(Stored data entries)
- - -

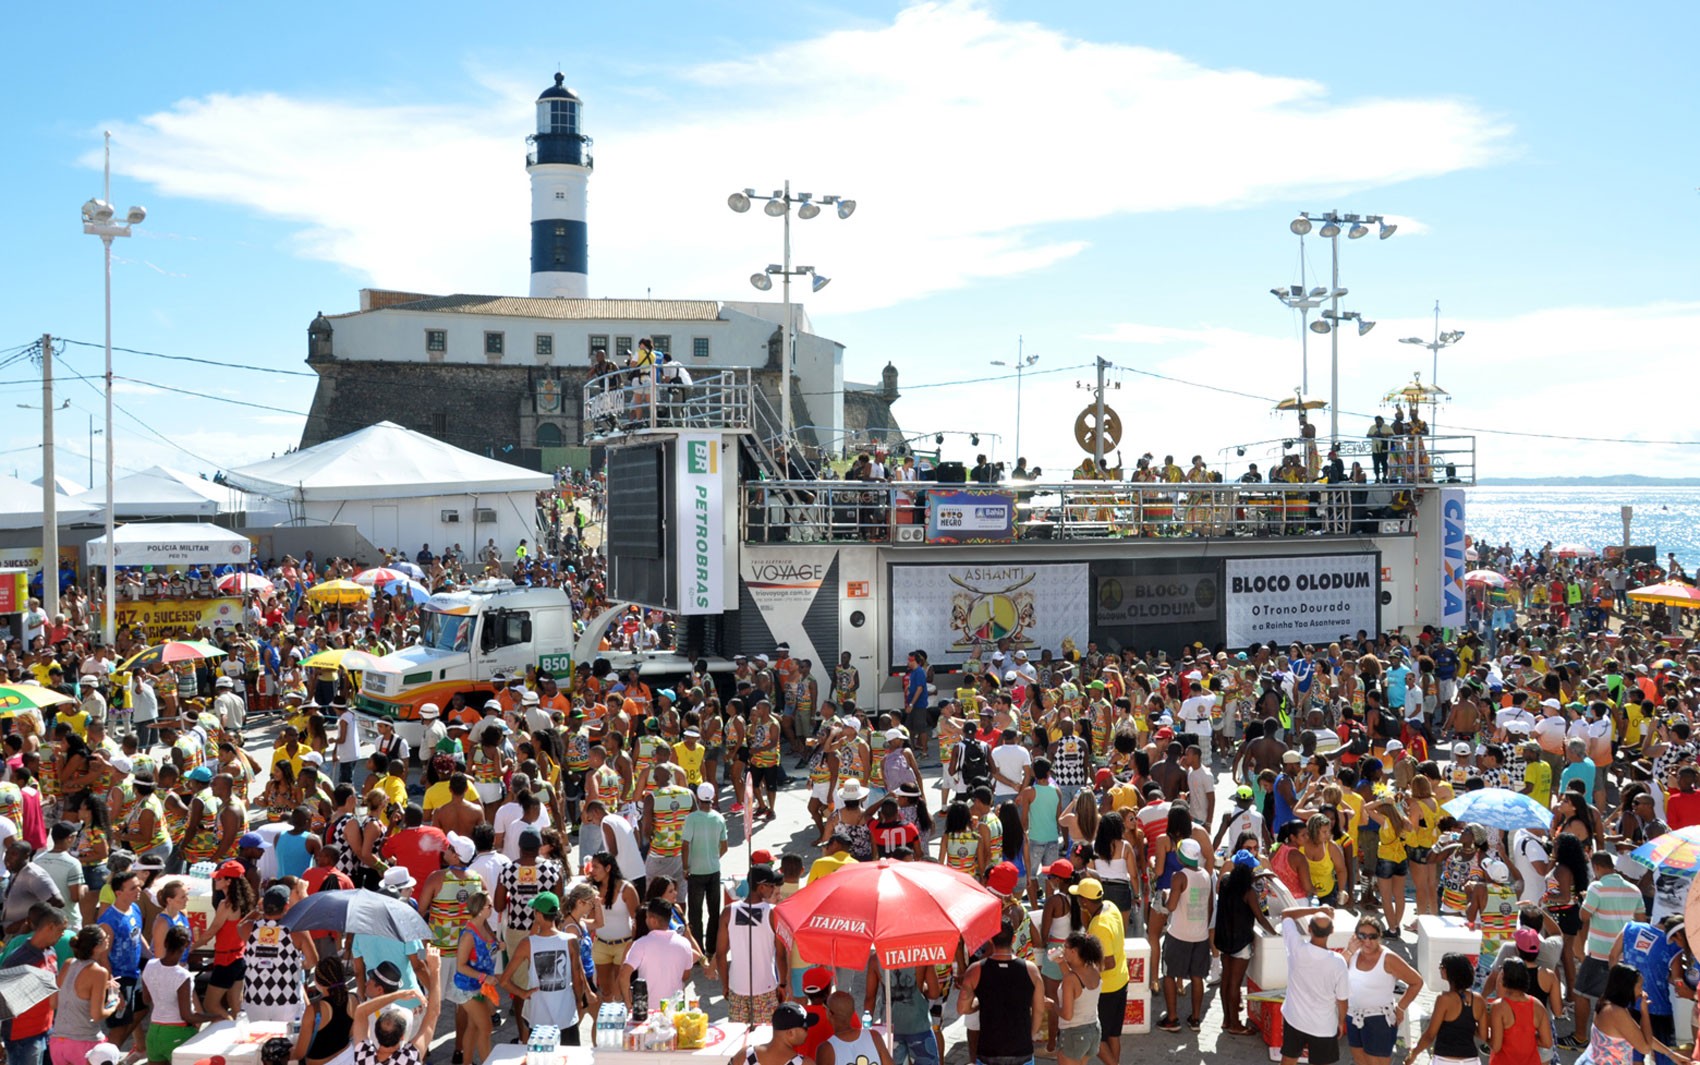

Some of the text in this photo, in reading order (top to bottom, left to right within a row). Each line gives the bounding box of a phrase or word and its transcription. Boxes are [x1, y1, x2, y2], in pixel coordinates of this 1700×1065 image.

[179, 544, 210, 552] MILITAR
[695, 485, 709, 609] PETROBRAS
[1444, 499, 1464, 617] CAIXA
[751, 564, 823, 581] VOYAGE
[964, 567, 1025, 581] ASHANTI
[1135, 583, 1189, 598] BLOCO
[1231, 571, 1371, 594] BLOCO OLODUM
[1127, 601, 1196, 617] OLODUM
[1252, 600, 1350, 616] O Trono Dourado
[153, 610, 202, 624] SUCESSO
[1265, 619, 1293, 630] Rainha
[542, 656, 569, 672] B50
[879, 827, 907, 854] 10
[809, 915, 867, 935] ITAIPAVA
[885, 945, 948, 966] ITAIPAVA
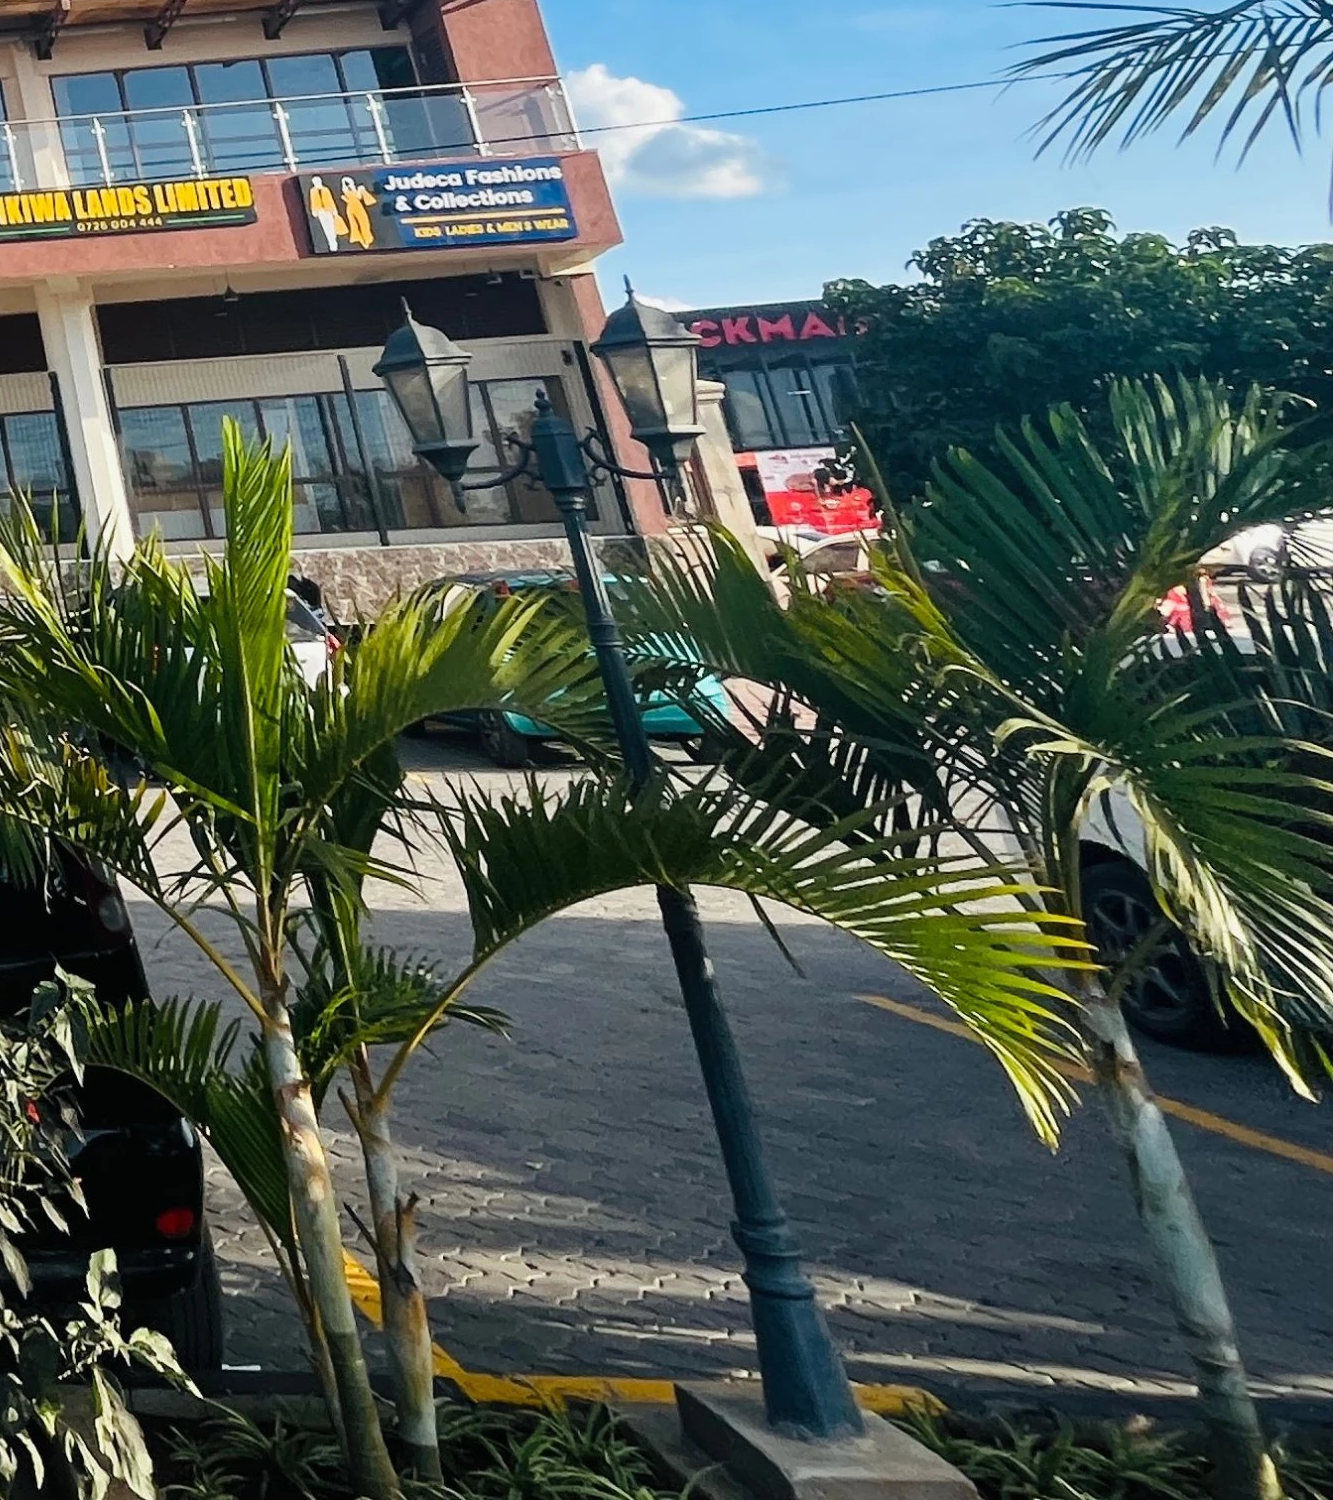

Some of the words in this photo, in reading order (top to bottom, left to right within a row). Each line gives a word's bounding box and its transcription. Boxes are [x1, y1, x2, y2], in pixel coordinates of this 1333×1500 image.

- - -

▶ _EXERCISE REQUIREMENTS_
Retype each line of the records exactly as it reads; no pictures belong in the copy.

▶ _FINISHED EXERCISE_
Some of the text in this photo, in reading order (top to bottom, left to right within a row). Each line gives the bounding box of a phrase or word and its transcription. Boxes are [x1, y1, x2, y2], in pixel coordinates of this 1700×1065 image.

[179, 544, 210, 552] MILITAR
[695, 485, 709, 609] PETROBRAS
[1444, 499, 1464, 617] CAIXA
[751, 564, 823, 581] VOYAGE
[964, 567, 1025, 581] ASHANTI
[1135, 583, 1189, 598] BLOCO
[1231, 571, 1371, 594] BLOCO OLODUM
[1127, 601, 1196, 617] OLODUM
[1252, 600, 1350, 616] O Trono Dourado
[153, 610, 202, 624] SUCESSO
[1265, 619, 1293, 630] Rainha
[542, 656, 569, 672] B50
[879, 827, 907, 854] 10
[809, 915, 867, 935] ITAIPAVA
[885, 945, 948, 966] ITAIPAVA

Some of the words in this photo, in reading order (top to bottom, left to right within a row). Each line gives a word's bounding box and its transcription. Boxes are [x1, y1, x2, y2], in pixel coordinates of this 1333×1500 image.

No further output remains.